Many private UK banks, international banks, and building societies may be found in the

United Kingdom. With its head office in London, the Bank of England serves as the country's

central bank. Several large banks compete for supremacy in the industry, which is controlled by

them. UK banking has grown significantly, with over 344 banks and 52 building societies

presently in operation. Internet banking is used by two-thirds of British people, while mobile

banking is used by four out of ten, both of which have witnessed steady growth in recent years

(Nyasha & Odhiambo, 2013). Physical banking, on the other hand, is still quite popular in the

United Kingdom, where there are about 20,000 locations. The Bank of England has served as the

country's central bank since 1946, when the government acquired ownership of the institution.

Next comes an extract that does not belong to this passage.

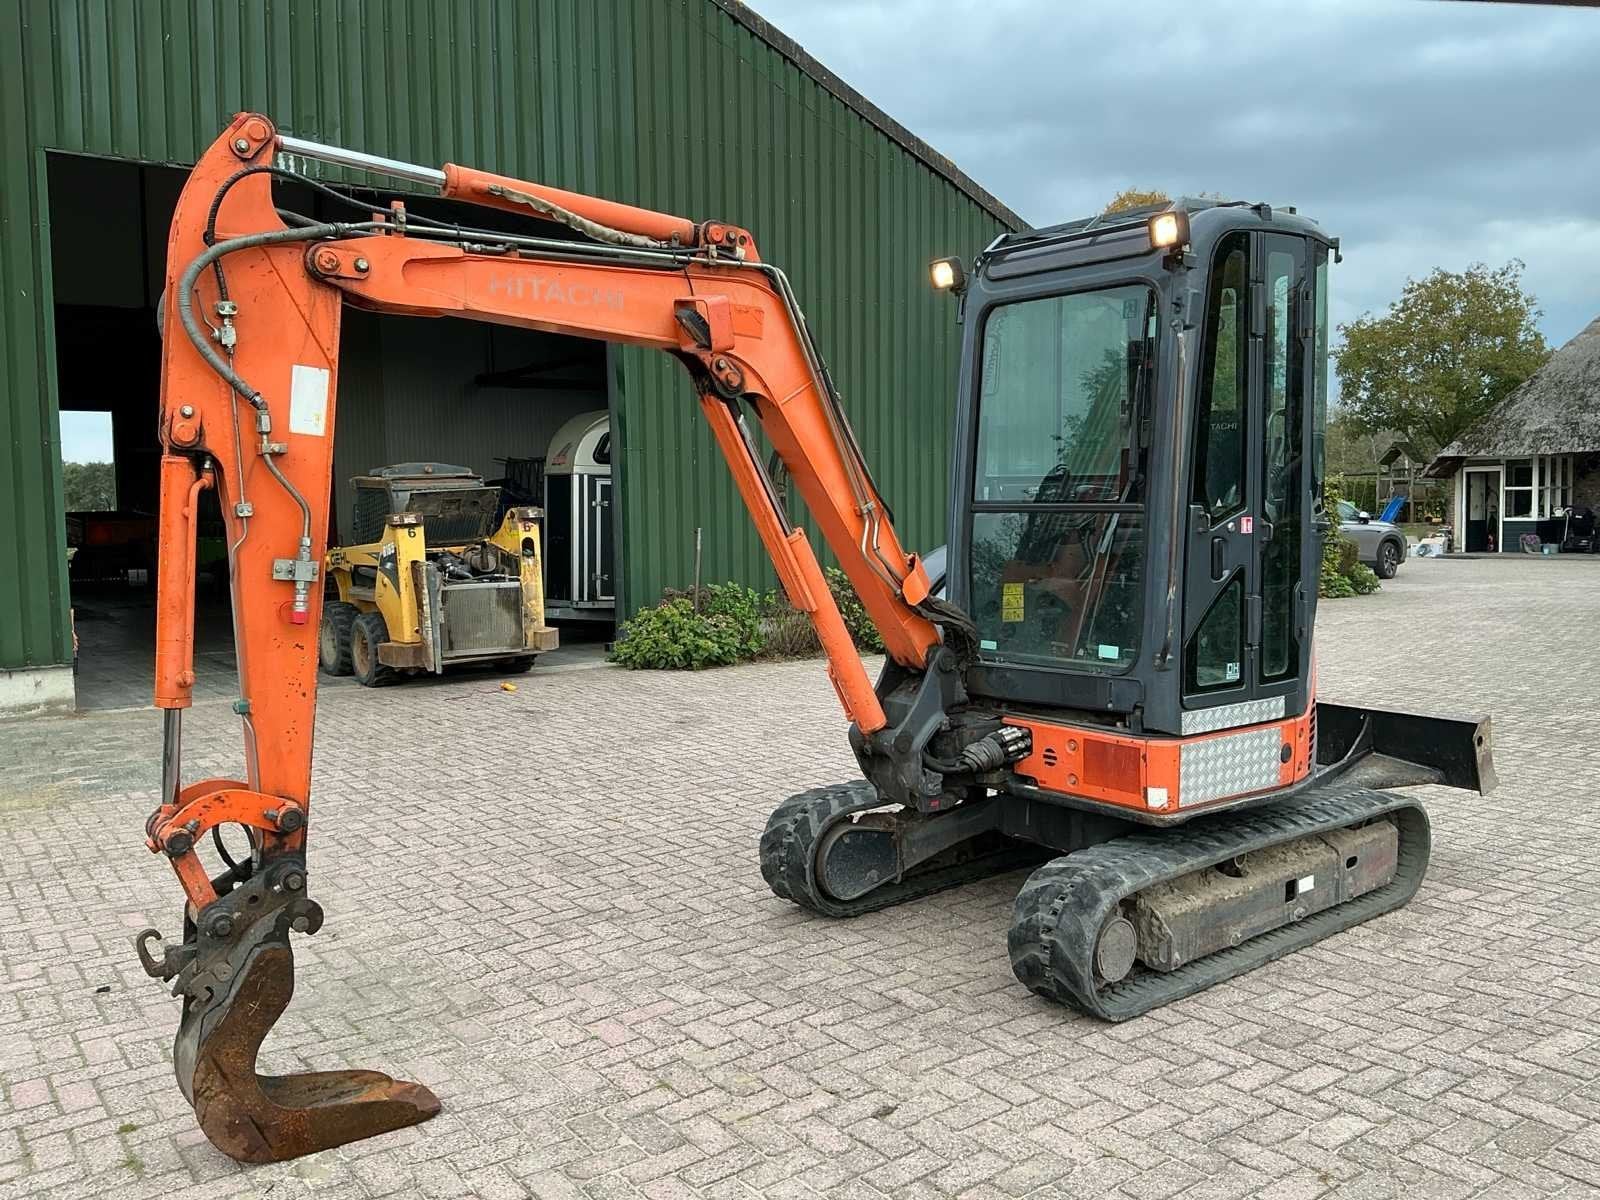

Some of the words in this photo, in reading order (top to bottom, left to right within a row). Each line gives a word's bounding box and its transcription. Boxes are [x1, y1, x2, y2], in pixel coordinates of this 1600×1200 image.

[488, 273, 625, 310] HITACHI
[1210, 422, 1238, 431] TACHI
[407, 527, 417, 538] 6
[331, 551, 351, 566] GEHL

UK banking is regulated by the Financial Conduct Authority.

Even though the United Kingdom has been a member of the European Union since the

early 1970s, the country chose not to adopt the Euro single-market currency. Instead, the British

Pound Sterling remained the country's official currency (GBP). As of June 2019, the GBP is

trading at 0.89 to the Euro (EUR) and 0.79 to the US dollar (USD). Currency in the United

Kingdom consists of the pound (£) and the pence. Only one pound and two-pound coins are in

use at any given time (Nyasha & Odhiambo, 2013). The most often used bills are the five-pound,

ten-pound, twenty-pound, and fifty-pound bills. The £5 and £10 notes are now composed of

polymer, which is more durable and difficult to forge due to recent modifications in the currency.

In 2020, a new £20 banknote will also be introduced (Nyasha & Odhiambo, 2013).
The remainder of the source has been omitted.